Je suis assis sur une crête à 9 000 pieds d'altitude, surplombant la plus grande vallée alpine du monde. Le soleil de la mi-juin se couche derrière une falaise voisine et les nuages se déplacent, laissant des rayons de lumière errants scintillant dans les traînées de poussière des véhicules agricoles qui passent. Derrière moi, une clôture bloque l’accès à un trou béant – l’entrée de la mine de fer d’Orient, disparue depuis des décennies – d’où des dizaines de milliers de chauves-souris devraient commencer à émerger d’une minute à l’autre.

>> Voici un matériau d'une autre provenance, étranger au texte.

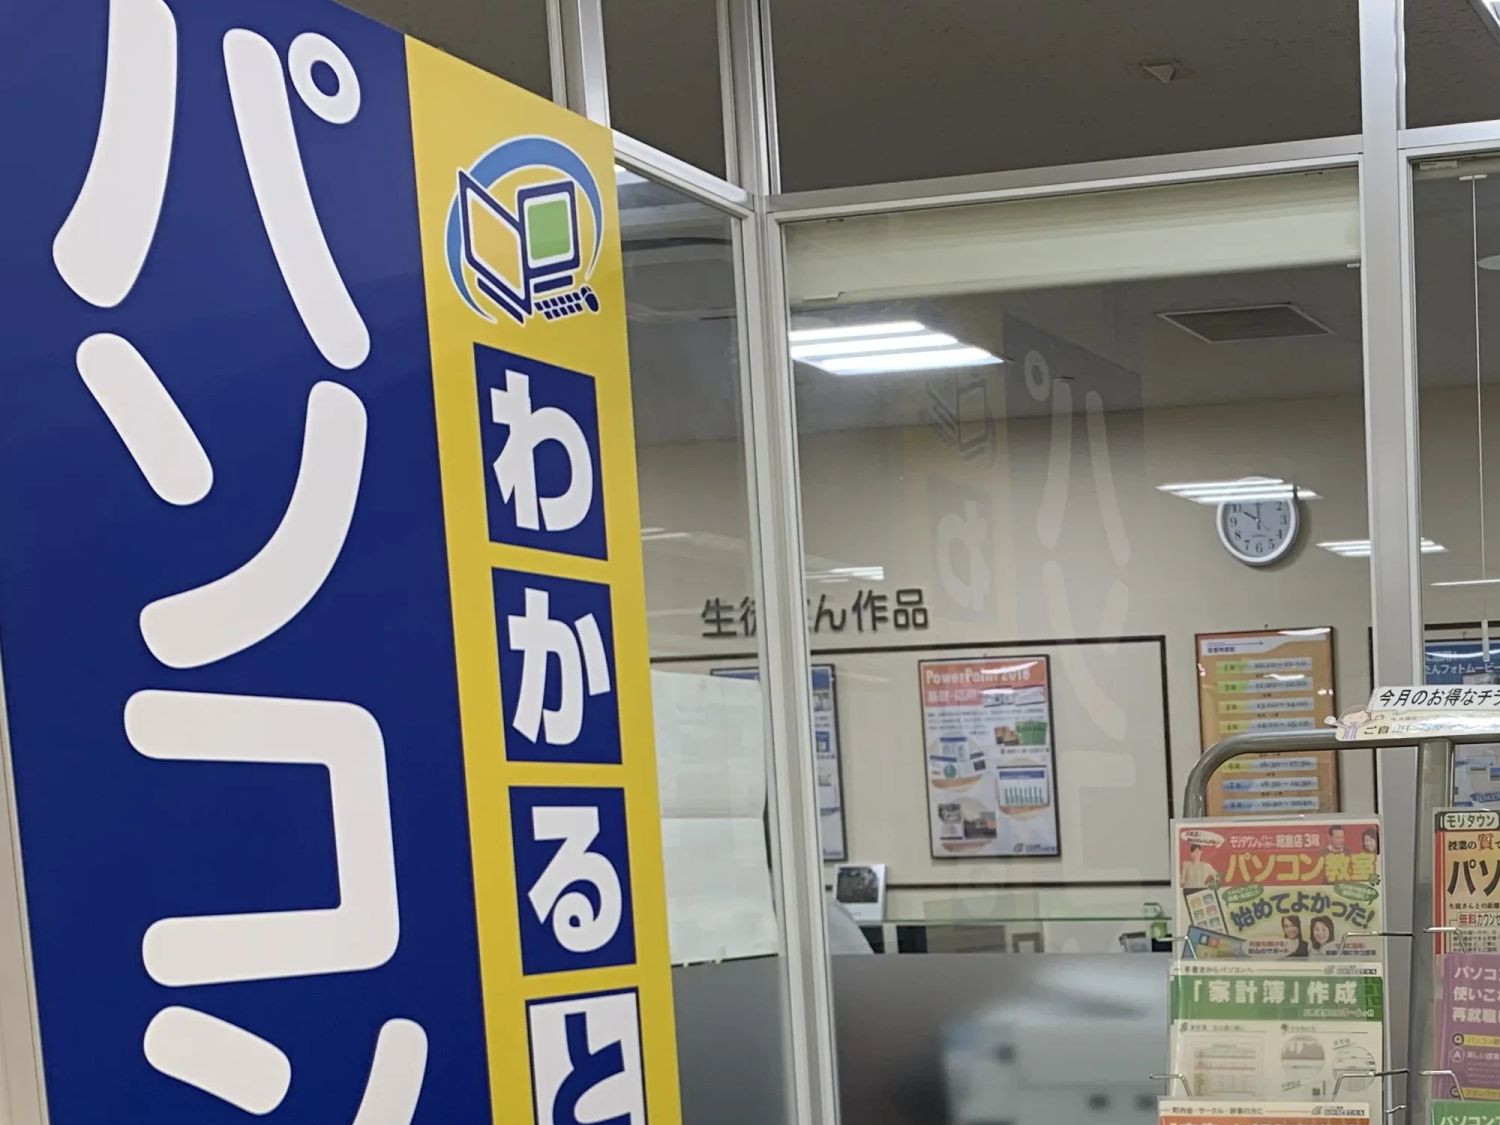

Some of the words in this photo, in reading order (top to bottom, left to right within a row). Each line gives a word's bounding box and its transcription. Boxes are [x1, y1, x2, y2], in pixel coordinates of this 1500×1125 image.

[701, 588, 930, 639] 生ん作品
[1446, 813, 1496, 828] モリタウン
[1225, 851, 1377, 883] パソコン教室
[1230, 891, 1376, 932] 始めてよかった!
[1193, 979, 1358, 1005] 「家計簿」作成

J'aime être dans l'étendue humble de la vallée de San Luis. Sa philosophie axée sur la conservation me donne de l’espoir à une époque où l’optimisme semble souvent insensé. Niché depuis 2001 dans les contreforts occidentaux de la chaîne de montagnes Sangre de Cristo, dans le sud du Colorado, l'Orient Land Trust, une organisation à but non lucratif, s'est efforcé de préserver les morceaux de l'histoire humaine de cette vallée, de promouvoir une agriculture durable et de protéger l'habitat de plusieurs espèces d'animaux, y compris l'immense colonie. de chauves-souris qui envahissent chaque été la mine d'Orient abandonnée.

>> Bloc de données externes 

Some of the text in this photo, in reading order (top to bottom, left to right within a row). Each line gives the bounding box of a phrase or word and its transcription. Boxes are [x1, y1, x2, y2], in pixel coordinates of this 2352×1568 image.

« Quelle est cette odeur? » demande mon mari Mike, en s'approchant de mon perchoir depuis une parcelle de chênes broussailleux. Je regarde autour de moi, hausse les épaules. Ensuite, l’ammoniaque est entrée dans mes narines.
Scott, notre guide de nuit, biologiste amateur et bénévole du BTA, intervient rapidement, expliquant que l'odeur, qui rappelle celle des toilettes à fosse et se manifeste par vagues au cours de l'heure suivante, est simplement du guano. En préparation pour la chasse nocturne, les chauves-souris vident leur vessie et leurs intestins avant de prendre leur envol. D'une minute à l'autre, Scott dit qu'ils devraient commencer le vol, alors je me penche en arrière, regarde le ciel devenir rose et j'attends, écoutant les gazouillis des hirondelles en piqué, les jappements des coyotes lointains et le bavardage excité de 23 étrangers humains, tous là. pour le même spectacle.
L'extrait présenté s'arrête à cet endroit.